-- TASK --
All entries shown below should be duplicated character for character.

Data extracted from a collection:

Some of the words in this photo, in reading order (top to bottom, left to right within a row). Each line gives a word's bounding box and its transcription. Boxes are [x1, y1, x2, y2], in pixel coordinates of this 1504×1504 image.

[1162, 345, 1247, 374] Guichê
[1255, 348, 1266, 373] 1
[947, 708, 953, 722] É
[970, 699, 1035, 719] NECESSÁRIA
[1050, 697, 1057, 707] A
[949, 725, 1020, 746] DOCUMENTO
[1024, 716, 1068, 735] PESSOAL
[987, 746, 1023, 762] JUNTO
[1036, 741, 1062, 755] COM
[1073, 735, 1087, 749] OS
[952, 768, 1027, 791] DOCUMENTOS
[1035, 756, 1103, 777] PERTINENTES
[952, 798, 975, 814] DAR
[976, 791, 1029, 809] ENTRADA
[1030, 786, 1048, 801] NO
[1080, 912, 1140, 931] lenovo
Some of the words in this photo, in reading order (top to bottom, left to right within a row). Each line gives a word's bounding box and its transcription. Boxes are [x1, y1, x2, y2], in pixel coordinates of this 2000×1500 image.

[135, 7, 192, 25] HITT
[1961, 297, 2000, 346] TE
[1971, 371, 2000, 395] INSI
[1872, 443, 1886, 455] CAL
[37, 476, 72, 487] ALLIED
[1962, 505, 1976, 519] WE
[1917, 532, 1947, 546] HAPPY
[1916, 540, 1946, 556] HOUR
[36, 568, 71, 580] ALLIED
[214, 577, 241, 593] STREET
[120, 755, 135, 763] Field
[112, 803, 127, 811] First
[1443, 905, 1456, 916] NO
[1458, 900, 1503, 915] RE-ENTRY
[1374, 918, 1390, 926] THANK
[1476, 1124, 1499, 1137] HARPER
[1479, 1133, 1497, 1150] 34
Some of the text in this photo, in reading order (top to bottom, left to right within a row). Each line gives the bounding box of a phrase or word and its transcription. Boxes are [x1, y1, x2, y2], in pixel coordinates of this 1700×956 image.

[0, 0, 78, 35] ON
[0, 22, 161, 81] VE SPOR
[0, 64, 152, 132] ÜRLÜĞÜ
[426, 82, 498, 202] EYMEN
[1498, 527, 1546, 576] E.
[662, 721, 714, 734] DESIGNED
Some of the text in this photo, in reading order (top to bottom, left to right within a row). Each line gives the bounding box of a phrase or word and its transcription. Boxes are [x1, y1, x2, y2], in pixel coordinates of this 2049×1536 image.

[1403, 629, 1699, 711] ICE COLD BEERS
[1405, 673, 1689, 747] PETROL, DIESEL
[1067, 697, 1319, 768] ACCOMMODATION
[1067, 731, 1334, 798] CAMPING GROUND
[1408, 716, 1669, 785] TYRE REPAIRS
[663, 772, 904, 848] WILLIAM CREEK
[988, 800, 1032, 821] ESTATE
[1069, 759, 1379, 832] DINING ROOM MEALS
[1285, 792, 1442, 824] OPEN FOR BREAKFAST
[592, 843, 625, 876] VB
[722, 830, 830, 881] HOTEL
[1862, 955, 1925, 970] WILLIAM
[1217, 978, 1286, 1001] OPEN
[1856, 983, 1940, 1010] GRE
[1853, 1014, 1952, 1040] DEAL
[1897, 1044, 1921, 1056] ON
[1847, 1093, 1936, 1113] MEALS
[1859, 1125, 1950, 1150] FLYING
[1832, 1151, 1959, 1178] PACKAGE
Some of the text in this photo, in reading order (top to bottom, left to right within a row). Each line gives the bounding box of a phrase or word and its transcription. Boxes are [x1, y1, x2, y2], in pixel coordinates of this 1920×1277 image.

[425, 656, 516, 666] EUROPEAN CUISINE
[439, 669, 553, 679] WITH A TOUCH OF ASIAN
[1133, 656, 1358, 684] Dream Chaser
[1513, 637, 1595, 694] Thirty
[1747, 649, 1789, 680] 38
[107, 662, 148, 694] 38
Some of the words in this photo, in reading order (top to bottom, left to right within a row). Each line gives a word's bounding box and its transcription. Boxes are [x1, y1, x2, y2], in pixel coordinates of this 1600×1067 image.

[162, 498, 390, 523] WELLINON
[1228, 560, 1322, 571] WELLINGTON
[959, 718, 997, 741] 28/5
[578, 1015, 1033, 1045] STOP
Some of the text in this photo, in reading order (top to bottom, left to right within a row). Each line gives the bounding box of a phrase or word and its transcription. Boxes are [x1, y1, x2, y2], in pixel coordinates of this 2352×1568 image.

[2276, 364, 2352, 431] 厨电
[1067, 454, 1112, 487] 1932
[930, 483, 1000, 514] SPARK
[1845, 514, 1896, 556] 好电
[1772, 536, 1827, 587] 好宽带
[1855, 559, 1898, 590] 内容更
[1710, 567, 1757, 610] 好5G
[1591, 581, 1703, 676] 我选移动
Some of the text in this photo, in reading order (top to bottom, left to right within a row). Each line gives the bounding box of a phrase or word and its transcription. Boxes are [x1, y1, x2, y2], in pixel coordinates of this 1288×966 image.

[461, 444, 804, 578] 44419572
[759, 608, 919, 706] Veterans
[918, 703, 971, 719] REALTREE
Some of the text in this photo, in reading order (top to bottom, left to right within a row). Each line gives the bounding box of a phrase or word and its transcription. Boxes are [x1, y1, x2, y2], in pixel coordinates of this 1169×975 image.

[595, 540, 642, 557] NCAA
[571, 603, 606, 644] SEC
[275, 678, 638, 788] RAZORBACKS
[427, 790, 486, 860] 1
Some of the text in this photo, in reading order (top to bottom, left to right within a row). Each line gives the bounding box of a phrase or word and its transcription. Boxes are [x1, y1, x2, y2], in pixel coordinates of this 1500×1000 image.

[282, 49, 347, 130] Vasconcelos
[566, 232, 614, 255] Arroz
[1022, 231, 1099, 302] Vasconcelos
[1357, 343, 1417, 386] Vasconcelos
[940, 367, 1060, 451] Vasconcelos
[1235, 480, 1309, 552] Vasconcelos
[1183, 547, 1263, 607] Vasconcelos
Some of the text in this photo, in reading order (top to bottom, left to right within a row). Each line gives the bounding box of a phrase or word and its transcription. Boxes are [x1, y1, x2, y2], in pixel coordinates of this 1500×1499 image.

-- RESPONSE BOX --
Some of the words in this photo, in reading order (top to bottom, left to right within a row). Each line gives a word's bounding box and its transcription. Boxes are [x1, y1, x2, y2], in pixel coordinates of this 1504×1504 image.

[1162, 345, 1247, 374] Guichê
[1255, 348, 1266, 373] 1
[947, 708, 953, 722] É
[970, 699, 1035, 719] NECESSÁRIA
[1050, 697, 1057, 707] A
[949, 725, 1020, 746] DOCUMENTO
[1024, 716, 1068, 735] PESSOAL
[987, 746, 1023, 762] JUNTO
[1036, 741, 1062, 755] COM
[1073, 735, 1087, 749] OS
[952, 768, 1027, 791] DOCUMENTOS
[1035, 756, 1103, 777] PERTINENTES
[952, 798, 975, 814] DAR
[976, 791, 1029, 809] ENTRADA
[1030, 786, 1048, 801] NO
[1080, 912, 1140, 931] lenovo
Some of the words in this photo, in reading order (top to bottom, left to right within a row). Each line gives a word's bounding box and its transcription. Boxes are [x1, y1, x2, y2], in pixel coordinates of this 2000×1500 image.

[135, 7, 192, 25] HITT
[1961, 297, 2000, 346] TE
[1971, 371, 2000, 395] INSI
[1872, 443, 1886, 455] CAL
[37, 476, 72, 487] ALLIED
[1962, 505, 1976, 519] WE
[1917, 532, 1947, 546] HAPPY
[1916, 540, 1946, 556] HOUR
[36, 568, 71, 580] ALLIED
[214, 577, 241, 593] STREET
[120, 755, 135, 763] Field
[112, 803, 127, 811] First
[1443, 905, 1456, 916] NO
[1458, 900, 1503, 915] RE-ENTRY
[1374, 918, 1390, 926] THANK
[1476, 1124, 1499, 1137] HARPER
[1479, 1133, 1497, 1150] 34
Some of the text in this photo, in reading order (top to bottom, left to right within a row). Each line gives the bounding box of a phrase or word and its transcription. Boxes are [x1, y1, x2, y2], in pixel coordinates of this 1700×956 image.

[0, 0, 78, 35] ON
[0, 22, 161, 81] VE SPOR
[0, 64, 152, 132] ÜRLÜĞÜ
[426, 82, 498, 202] EYMEN
[1498, 527, 1546, 576] E.
[662, 721, 714, 734] DESIGNED
Some of the text in this photo, in reading order (top to bottom, left to right within a row). Each line gives the bounding box of a phrase or word and its transcription. Boxes are [x1, y1, x2, y2], in pixel coordinates of this 2049×1536 image.

[1403, 629, 1699, 711] ICE COLD BEERS
[1405, 673, 1689, 747] PETROL, DIESEL
[1067, 697, 1319, 768] ACCOMMODATION
[1067, 731, 1334, 798] CAMPING GROUND
[1408, 716, 1669, 785] TYRE REPAIRS
[663, 772, 904, 848] WILLIAM CREEK
[988, 800, 1032, 821] ESTATE
[1069, 759, 1379, 832] DINING ROOM MEALS
[1285, 792, 1442, 824] OPEN FOR BREAKFAST
[592, 843, 625, 876] VB
[722, 830, 830, 881] HOTEL
[1862, 955, 1925, 970] WILLIAM
[1217, 978, 1286, 1001] OPEN
[1856, 983, 1940, 1010] GRE
[1853, 1014, 1952, 1040] DEAL
[1897, 1044, 1921, 1056] ON
[1847, 1093, 1936, 1113] MEALS
[1859, 1125, 1950, 1150] FLYING
[1832, 1151, 1959, 1178] PACKAGE
Some of the text in this photo, in reading order (top to bottom, left to right within a row). Each line gives the bounding box of a phrase or word and its transcription. Boxes are [x1, y1, x2, y2], in pixel coordinates of this 1920×1277 image.

[425, 656, 516, 666] EUROPEAN CUISINE
[439, 669, 553, 679] WITH A TOUCH OF ASIAN
[1133, 656, 1358, 684] Dream Chaser
[1513, 637, 1595, 694] Thirty
[1747, 649, 1789, 680] 38
[107, 662, 148, 694] 38
Some of the words in this photo, in reading order (top to bottom, left to right within a row). Each line gives a word's bounding box and its transcription. Boxes are [x1, y1, x2, y2], in pixel coordinates of this 1600×1067 image.

[162, 498, 390, 523] WELLINON
[1228, 560, 1322, 571] WELLINGTON
[959, 718, 997, 741] 28/5
[578, 1015, 1033, 1045] STOP
Some of the text in this photo, in reading order (top to bottom, left to right within a row). Each line gives the bounding box of a phrase or word and its transcription. Boxes are [x1, y1, x2, y2], in pixel coordinates of this 2352×1568 image.

[2276, 364, 2352, 431] 厨电
[1067, 454, 1112, 487] 1932
[930, 483, 1000, 514] SPARK
[1845, 514, 1896, 556] 好电
[1772, 536, 1827, 587] 好宽带
[1855, 559, 1898, 590] 内容更
[1710, 567, 1757, 610] 好5G
[1591, 581, 1703, 676] 我选移动
Some of the text in this photo, in reading order (top to bottom, left to right within a row). Each line gives the bounding box of a phrase or word and its transcription. Boxes are [x1, y1, x2, y2], in pixel coordinates of this 1288×966 image.

[461, 444, 804, 578] 44419572
[759, 608, 919, 706] Veterans
[918, 703, 971, 719] REALTREE
Some of the text in this photo, in reading order (top to bottom, left to right within a row). Each line gives the bounding box of a phrase or word and its transcription. Boxes are [x1, y1, x2, y2], in pixel coordinates of this 1169×975 image.

[595, 540, 642, 557] NCAA
[571, 603, 606, 644] SEC
[275, 678, 638, 788] RAZORBACKS
[427, 790, 486, 860] 1
Some of the text in this photo, in reading order (top to bottom, left to right within a row). Each line gives the bounding box of a phrase or word and its transcription. Boxes are [x1, y1, x2, y2], in pixel coordinates of this 1500×1000 image.

[282, 49, 347, 130] Vasconcelos
[566, 232, 614, 255] Arroz
[1022, 231, 1099, 302] Vasconcelos
[1357, 343, 1417, 386] Vasconcelos
[940, 367, 1060, 451] Vasconcelos
[1235, 480, 1309, 552] Vasconcelos
[1183, 547, 1263, 607] Vasconcelos
Some of the text in this photo, in reading order (top to bottom, left to right within a row). Each line gives the bounding box of a phrase or word and its transcription. Boxes are [x1, y1, x2, y2], in pixel coordinates of this 1500×1499 image.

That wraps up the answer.